Elle Perry
With the orange and pink graphics (designed by Loaded for Bear) on the exterior of Crosstown Arts, one gets the feeling immediately that he or she is being transported back in time to a vintage candy shop.
The purity of the 22 pieces in SWEET, which artist/architect Brantley Ellzey spent a year working on, are a reaction to the contentious climate that the country finds itself in.
Over the past 15 years, Ellzey typically has done commission work consisting of rolled magazine, book, and other printed pages, something he refers to as “time capsules.” SWEET has the artist drilling down to the most simple form of his practice in terms of color and composition. Instead of patterned papers, he uses blank sheets of individually hand-rolled construction paper.
Ellzey sought out the inspirations derived from growing up in late 1960s Osceola, Arkansas — things like the Sears “Wish Book” catalog (also in a nod to the neighborhood’s affiliation with Sears, now Crosstown Concourse), childhood books, and the interior design and home decorating magazines that his mother received.
Other inspirations: Mary Blair, who worked for Disney studios, whose folk art and imagery Ellzey realized had inspired the way he perceived the world growing up. (Blair also designed “It’s a Small World.”) Also, modernist architects George and Ray Eames and Alexander Girard.
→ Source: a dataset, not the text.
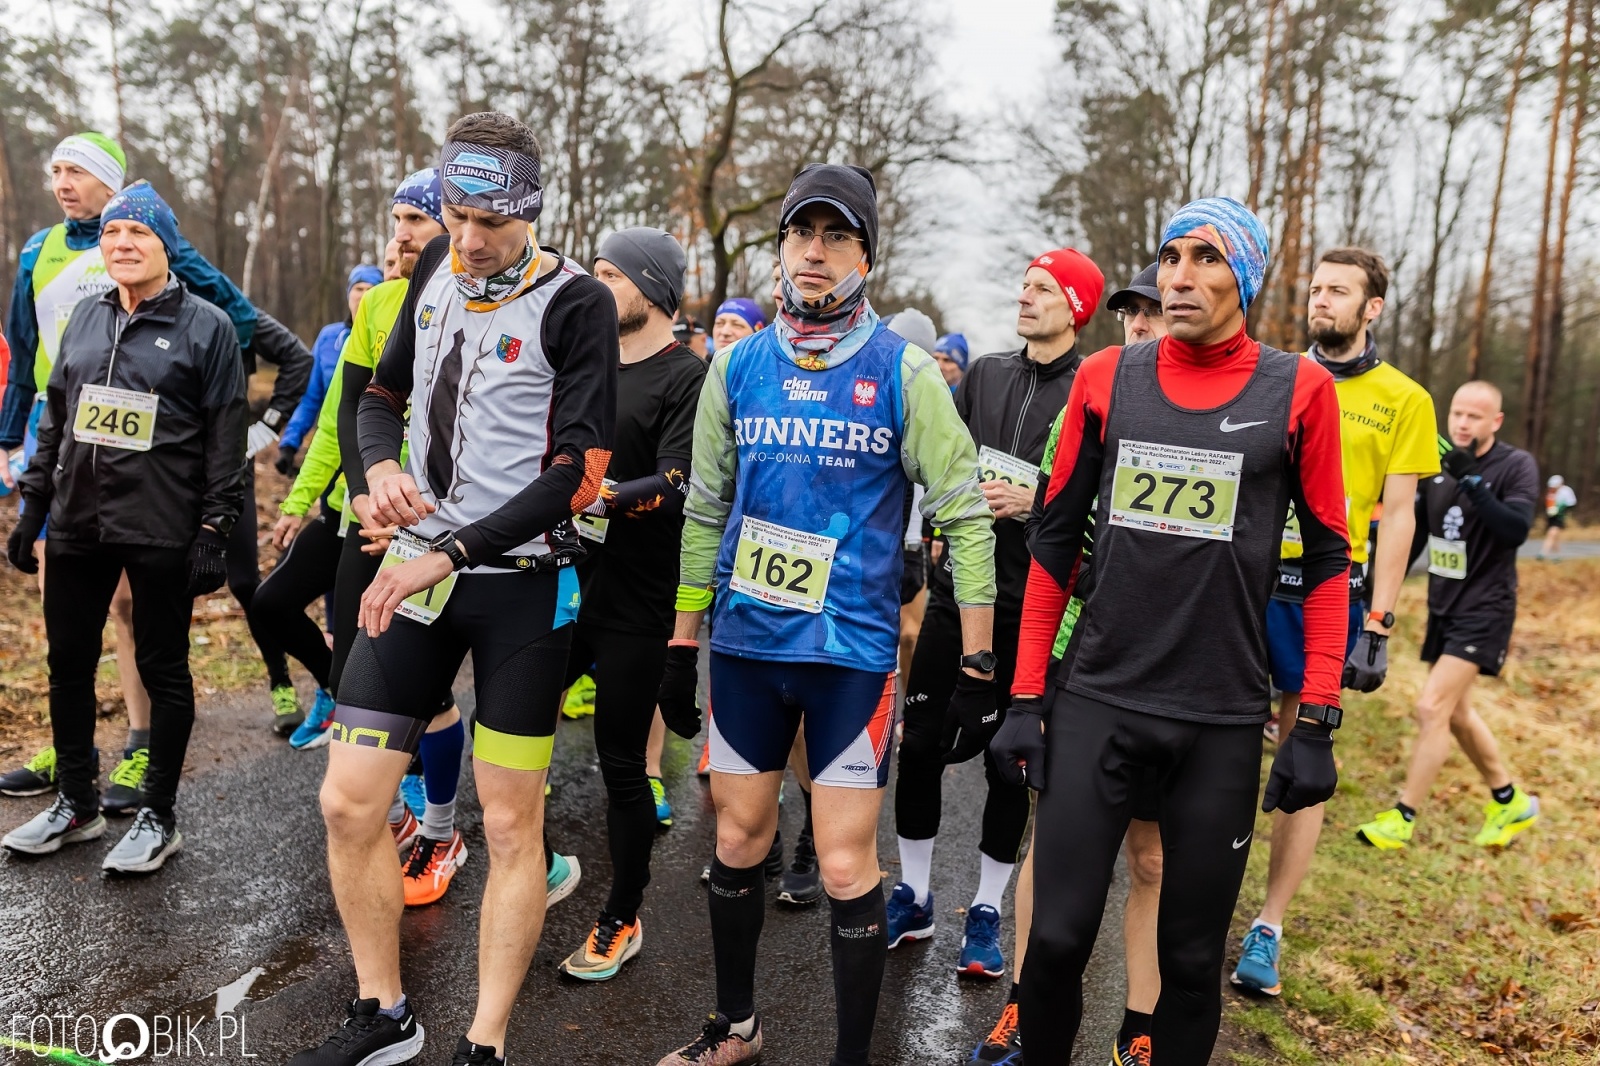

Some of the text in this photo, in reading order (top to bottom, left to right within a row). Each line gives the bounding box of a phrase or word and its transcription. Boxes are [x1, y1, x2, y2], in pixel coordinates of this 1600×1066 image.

In particular, Girard’s textiles are an obvious source of inspiration for several pieces, with bright, one or two color columned or checked patterns.
All of the pieces in SWEET are horizontal and face up except the Pixies (a reference to Pixy Stix), which on its base nearly reaches the room’s ceiling; Homer, which is a donut; and Honey, Honey, which is modeled after a honeycomb with rolled paper tubes facing outwards toward the audience.
There are grapes (with groups of rolled paper tubes in different hues of purple in the shapes of bunches), licorice, pink glittery spun cotton candy (surrounded by a contrasting cotton candy machine base designed by Perry Sponseller), and Laffy Taffy.
Elle Perry
The aforementioned Homer is an oversized homage to The Simpsons’ family patriarch and his love for the pastry. In real life, the piece is an inflatable pool raft with rolled paper paper-mached to it, topped with with three kinds of glitter replicating a donut, purple icing, and delectable sprinkles.
Homer includes a placard humorously forbidding both touching and eating the object.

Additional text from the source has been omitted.